◆ **Aim of the task**
Print out each entry below exactly; do not carry over any image.

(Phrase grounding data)
"""
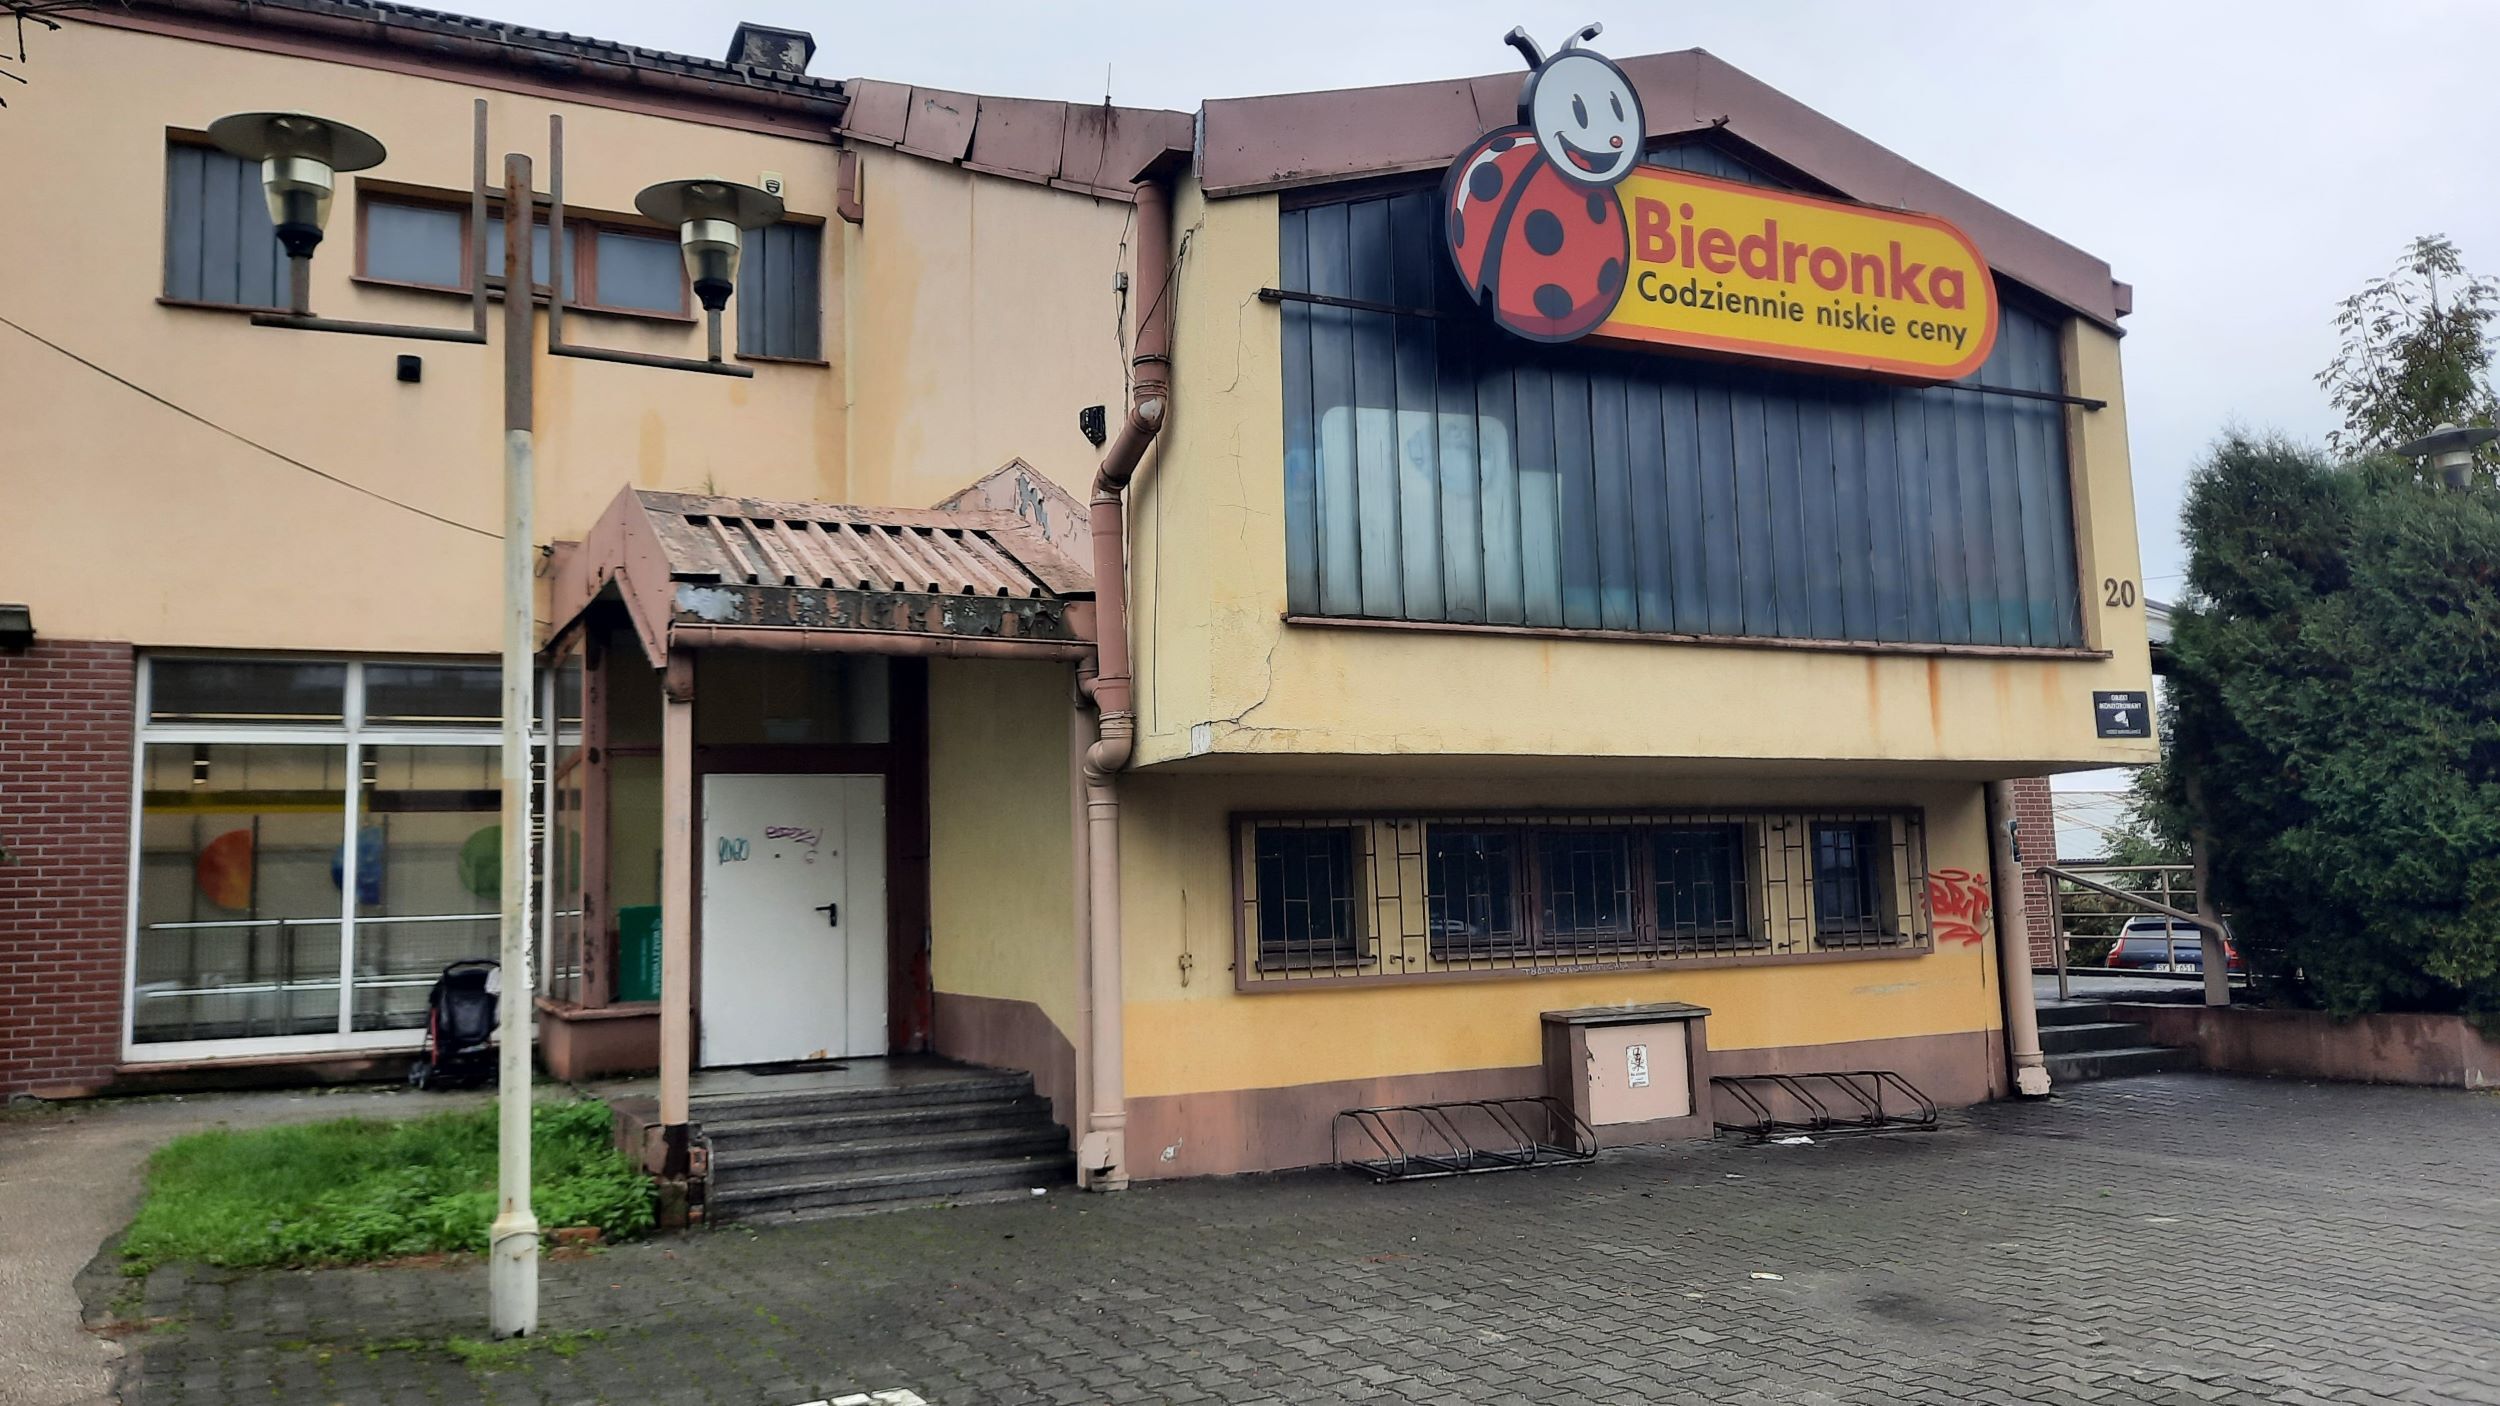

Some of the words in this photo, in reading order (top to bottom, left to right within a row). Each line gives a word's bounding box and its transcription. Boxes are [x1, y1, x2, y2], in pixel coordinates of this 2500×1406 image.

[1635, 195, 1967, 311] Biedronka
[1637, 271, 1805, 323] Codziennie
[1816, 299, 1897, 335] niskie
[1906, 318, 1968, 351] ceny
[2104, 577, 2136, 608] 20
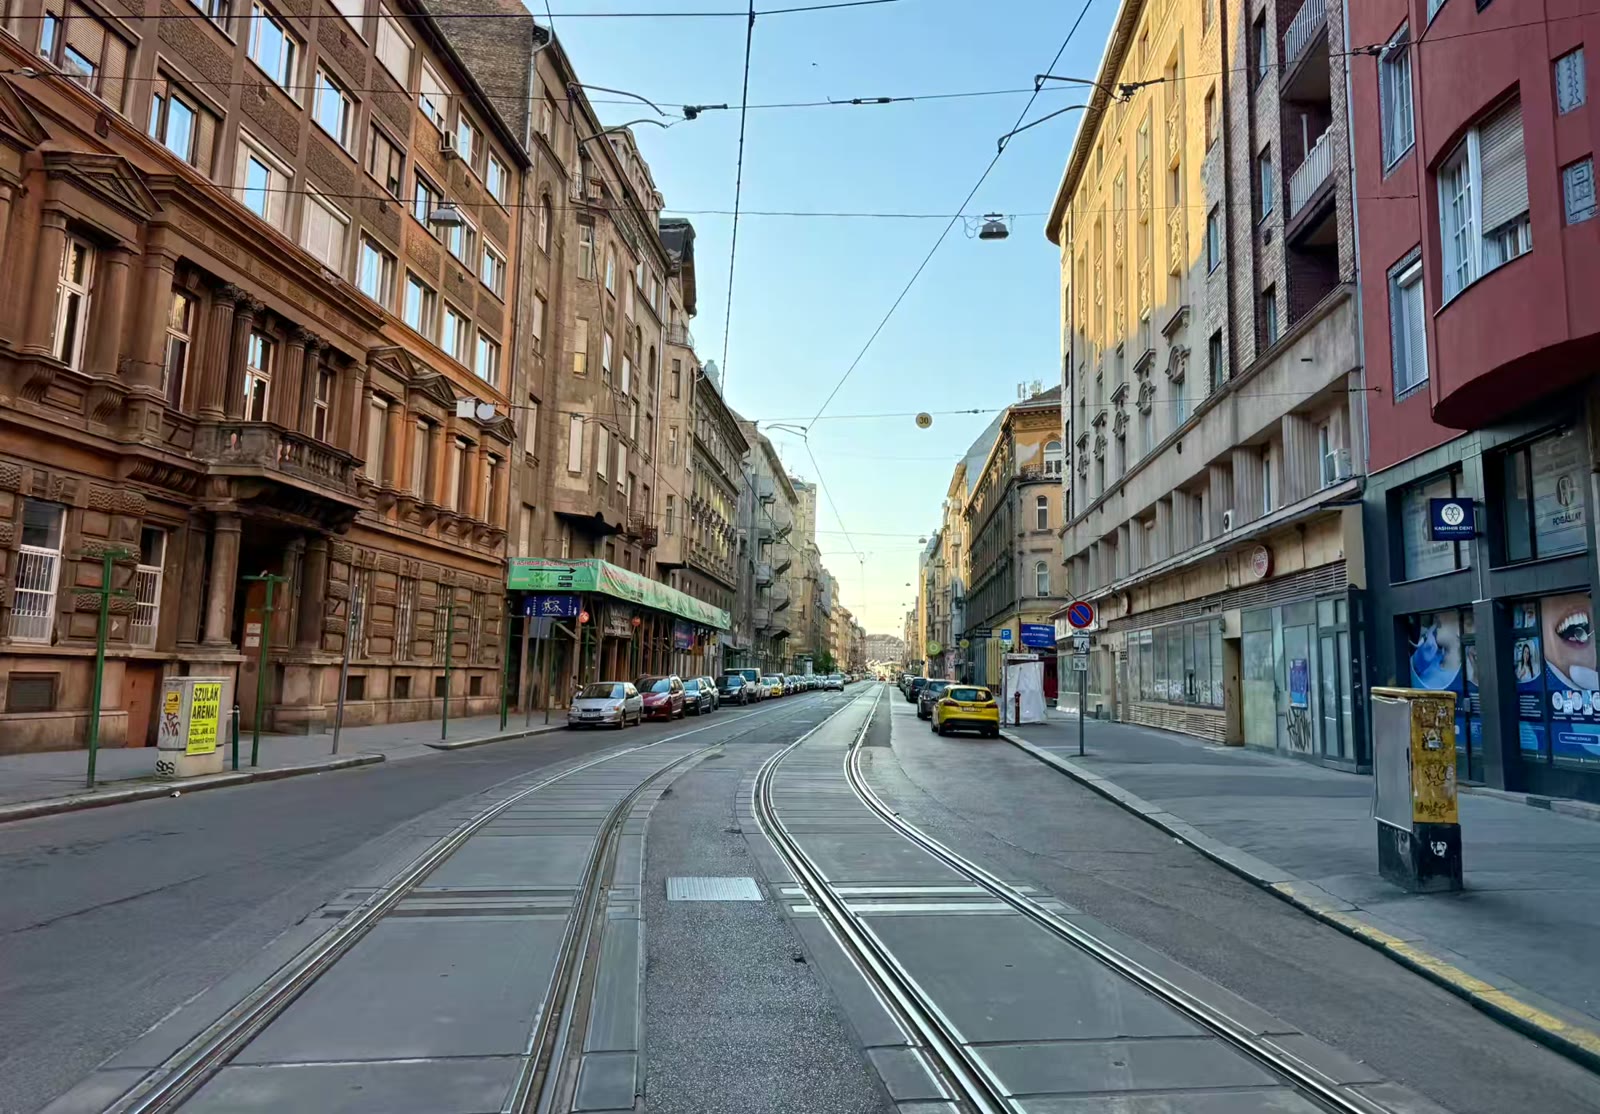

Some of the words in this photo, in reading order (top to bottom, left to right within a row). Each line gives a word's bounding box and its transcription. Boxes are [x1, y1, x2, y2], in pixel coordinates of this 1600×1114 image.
"""
◆ **Response area**
Some of the words in this photo, in reading order (top to bottom, left to right within a row). Each line gives a word's bounding box and its transcription. Boxes are [x1, y1, x2, y2], in pixel coordinates of this 2500×1406 image.

[1635, 195, 1967, 311] Biedronka
[1637, 271, 1805, 323] Codziennie
[1816, 299, 1897, 335] niskie
[1906, 318, 1968, 351] ceny
[2104, 577, 2136, 608] 20

Some of the words in this photo, in reading order (top to bottom, left to right within a row). Each line gives a word's bounding box and its transcription. Boxes are [x1, y1, x2, y2], in pixel coordinates of this 1600×1114 image.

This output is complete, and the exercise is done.